Study Design: The design involved acute and chronic study. The acute study investigated the intraperitoneal and oral route of administration while the chronic study used the oral route only. The rats used weighed 0.15 kg approximately. In the acute study, 48 rats (24 female and 24 male) were used for intraperitoneal treatment and were randomly selected and placed into 6 groups treated with 0.0 g/kg, 1.67 g/kg, 3.33 g/kg, 5.0 g/kg, 6.67 g/kg and, 8.33 g/kg of tartrazine. In orally treated rats, 48 rats (24 female and 24 male) were also used and were treated with 0.0 g/kg, 2.5 g/kg, 5.0 g/kg, 10.0 g/kg, 15.0 g/kg and 20.0 g/kg of tartrazine. In the chronic study, the experiment was divided into phase 1, 2 and, 3 which lasted for 30, 60, and 90 days respectively. In each phase, 80 rats were used and were divided into treatment and control groups. The treated groups were given 7.5 mg/kg of tartrazine orally on a daily basis over the stipulated periods while the control groups were not treated with tartrazine.
Place and Duration of Study: The study was carried out in the Department of Medical Laboratory Science, Rivers State University, Port Harcourt, Nigeria within a period of 12 months (December 2017 – December 2018).
Methodology: At the end of the acute and chronic study, 5 mls of whole blood specimens were collected by means of cardiac puncture into K3EDTA bottles. The collected specimens were analyzed immediately using Mindray 5300 haematology autoanalyzer. Statistical analysis was performed using GraphPad Prism version 5.03 (San Diego, California, USA).

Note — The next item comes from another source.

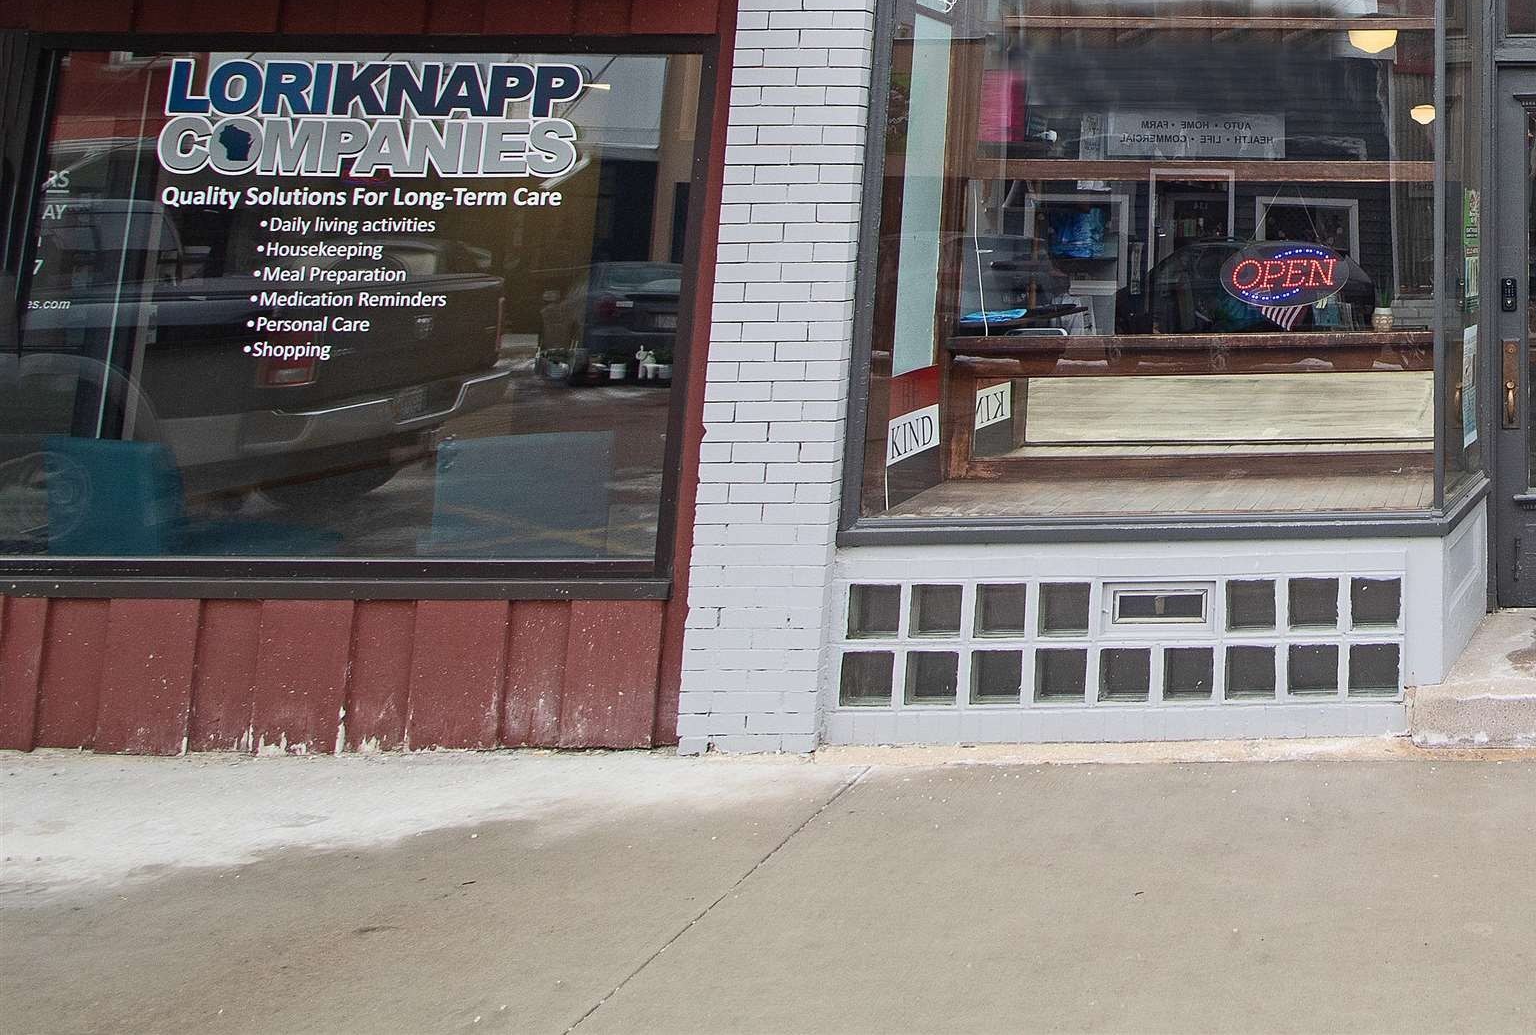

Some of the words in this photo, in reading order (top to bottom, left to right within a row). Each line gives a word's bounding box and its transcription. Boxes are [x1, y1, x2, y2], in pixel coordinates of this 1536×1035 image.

Results: In acute toxicity study, the administration of high doses far above the ADI of tartrazine induced decreased RBCs, HB, HCT, WBCs, Eosinophil, and Neutrophil counts as well as an increased PLTs, Lymphocyte, and Monocyte counts. However, in the chronic treatment, WBCs were increased after 60 and 90 days of chronic treatment at ADI doses while Eosinophil and Basophil counts showed significant decrease after 30 and 60 days of treatment. Also, an increase in Lymphocyte was observed after 30, 60, and 90 days. In addition, Neutrophil and Monocyte counts showed significantly lower levels after 30, 60, and 90 days of chronic treatment with tartrazine. HCT, HB, and PLTs showed no significant difference after 30, 60, and 90 days of chronic treatment at ADI doses.
Conclusion: The results obtained indicate that high doses of tartrazine above the recommended ADI induced severe haematological alterations. However, the chronic study did not affect HCT, HB, and PLTs but mild derangements/alterations were in WBCs, lymphocyte, Neutrophil, Eosinophil, and Basophil counts after 60 and 90 days of treatment.